Sağlık emekçilerinin talepleri nettir;
– Temel ücretin en düşüğü yoksulluk sınırının üstünde olacak şekilde yükseltilmesi ve yapılan/yapılacak olan tüm ek ödemelerin maaşa ve emekliliğe yansıtılması, ek ödemelerdeki haksızlıkların giderilmeli, üç ay tavan yapılacağı duyurulan ek ödemelerin tüm sağlık emekçilerini kapsayacak şekilde ve meslek grupları ve istihdam biçimleri arasında adaletsizliğe neden olmayacak şekilde ödenmesi, ayrıca salgının başladığı tarihten itibaren salgın dönemi boyunca ayrımsız tüm sağlık emekçilerine çift maaş ödemesi yapılması,
– 3 Ağustos 2018 Resmi Gazetede yayınlanarak çıkan torba yasa; sağlık ve sosyal hizmet emekçilerinin taleplerini karşılamayan bir düzenlemedir. Fiili Hizmet Süresi Zammı (yıpranma payı) sağlık ve sosyal hizmet işkolunda çalışan bütün emekçileri ve geçmiş çalışma sürelerini de kapsayacak şekilde ve fiili çalışma süresi şartı kaldırılarak 5 yıla 1 yıl yıpranma payı olacak şekilde yeniden düzenlenmesi, ayrıca salgın döneminden kaynaklı olarak artı 1 yıl yıpranma payı hakkımızın verilmesi,
– Sağlık alanında yeni atamaların kadrolu, güvenceli yapılması, 4B 4C 4D sözleşmeli, taşeron, ücretli, vekil vb. istihdam modelleri ile çalıştırılan bütün sağlık ve sosyal hizmet emekçilerinin 4A kadrosuna geçirilmesi, KHK ile ihraç edilen ve güvenlik soruşturmaları bahanesiyle ataması yapılmayan sağlık emekçilerinin ivedilikle işe başlatılması,
– 657 sayılı kanunun ekli 1 sayılı cetvelde düzenlenen ek gösterge rakamlarının sağlık ve sosyal hizmet iş kolunda çalışan tüm emekçileri kapsayacak, en az 3600 ek gösterge olacak şekilde kademeli olarak yükseltilmesi şeklinde düzenlenmesi ayrıca 1 derece verilmesi,
– Covid-19 enfeksiyonu geçiren sağlık emekçisinin zararının tanzimi için “mesleki risklere bağlı ortaya çıkan hastalık” olarak kabul edilip, iş kazası/meslek hastalığı olduğuna dair düzenlemenin derhal yapılması.

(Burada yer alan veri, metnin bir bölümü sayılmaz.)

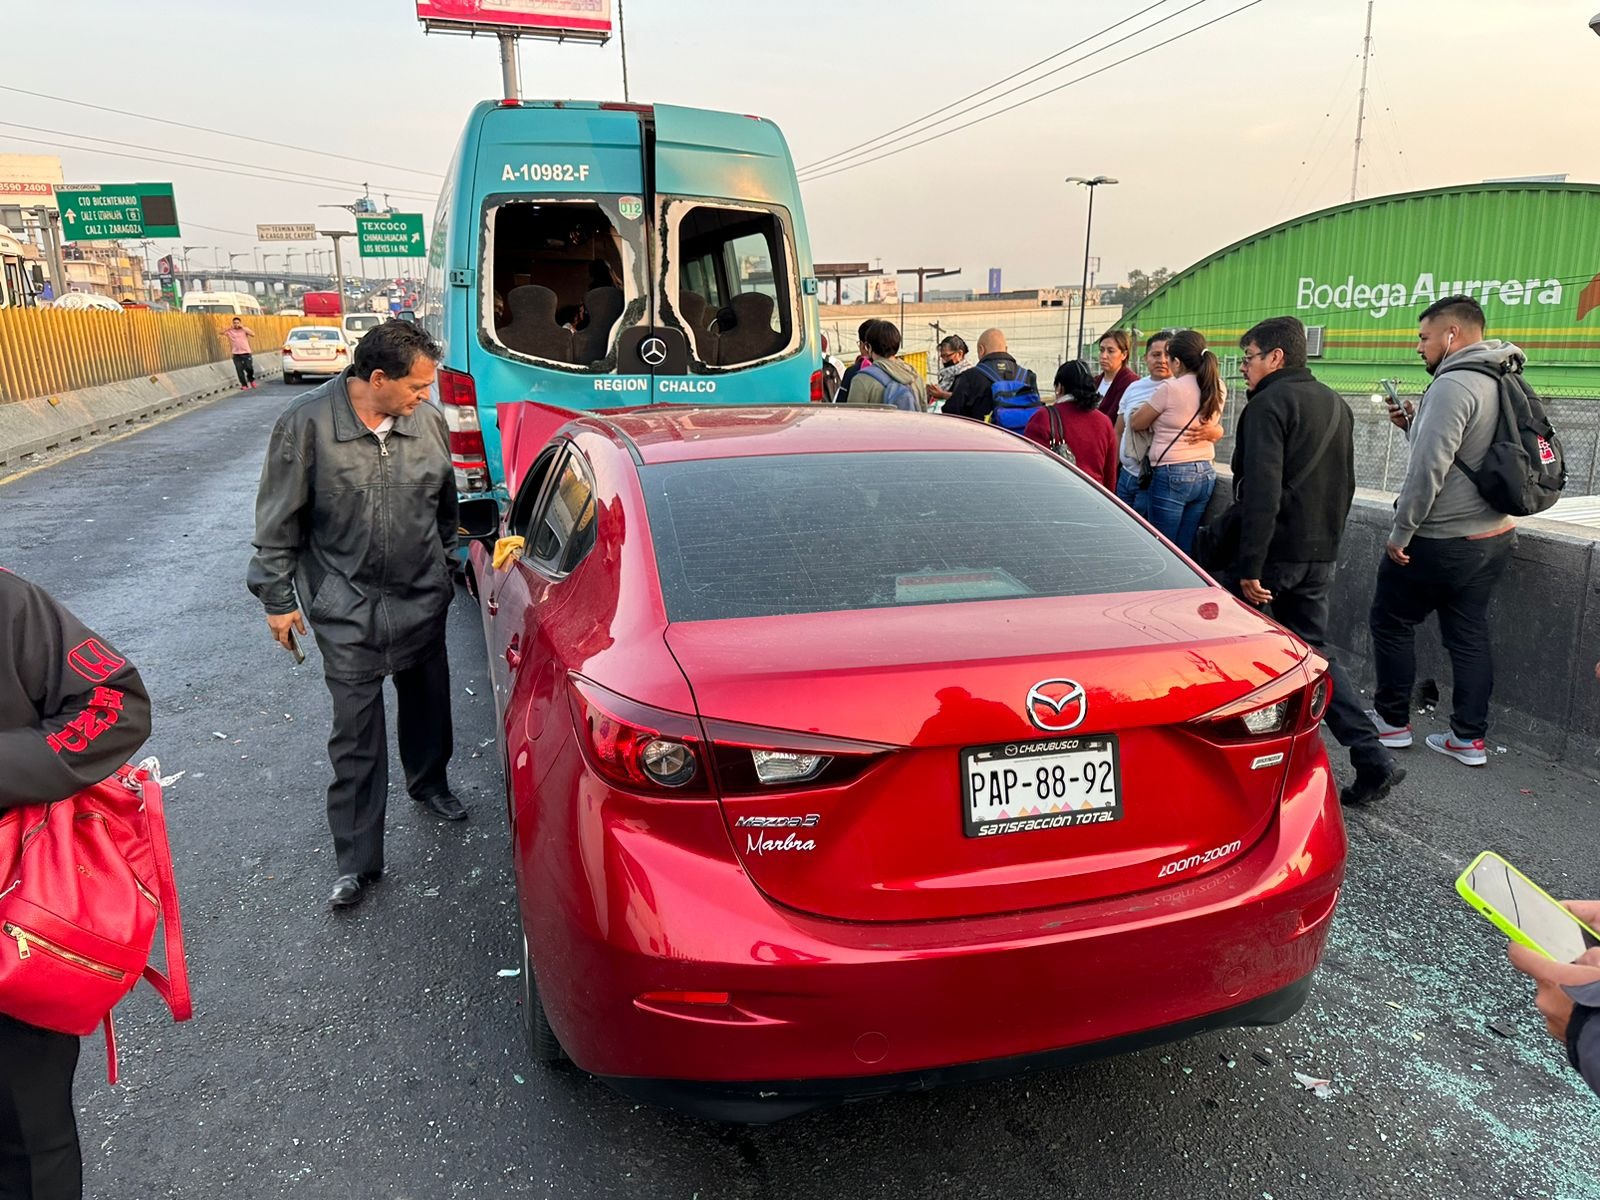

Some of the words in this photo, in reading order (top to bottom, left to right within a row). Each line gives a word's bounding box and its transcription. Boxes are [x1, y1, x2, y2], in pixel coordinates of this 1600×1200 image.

Ağır çalışma koşullarında, düşük ücretle, esnek ve kuralsız çalıştırma biçimleriyle ve gelecek kaygısıyla yürüttüğümüz sağlık ve sosyal hizmet sunumunun daha nitelikli verilebilmesi için taleplerimizin biran önce yerine getirilmesi gerekmektedir.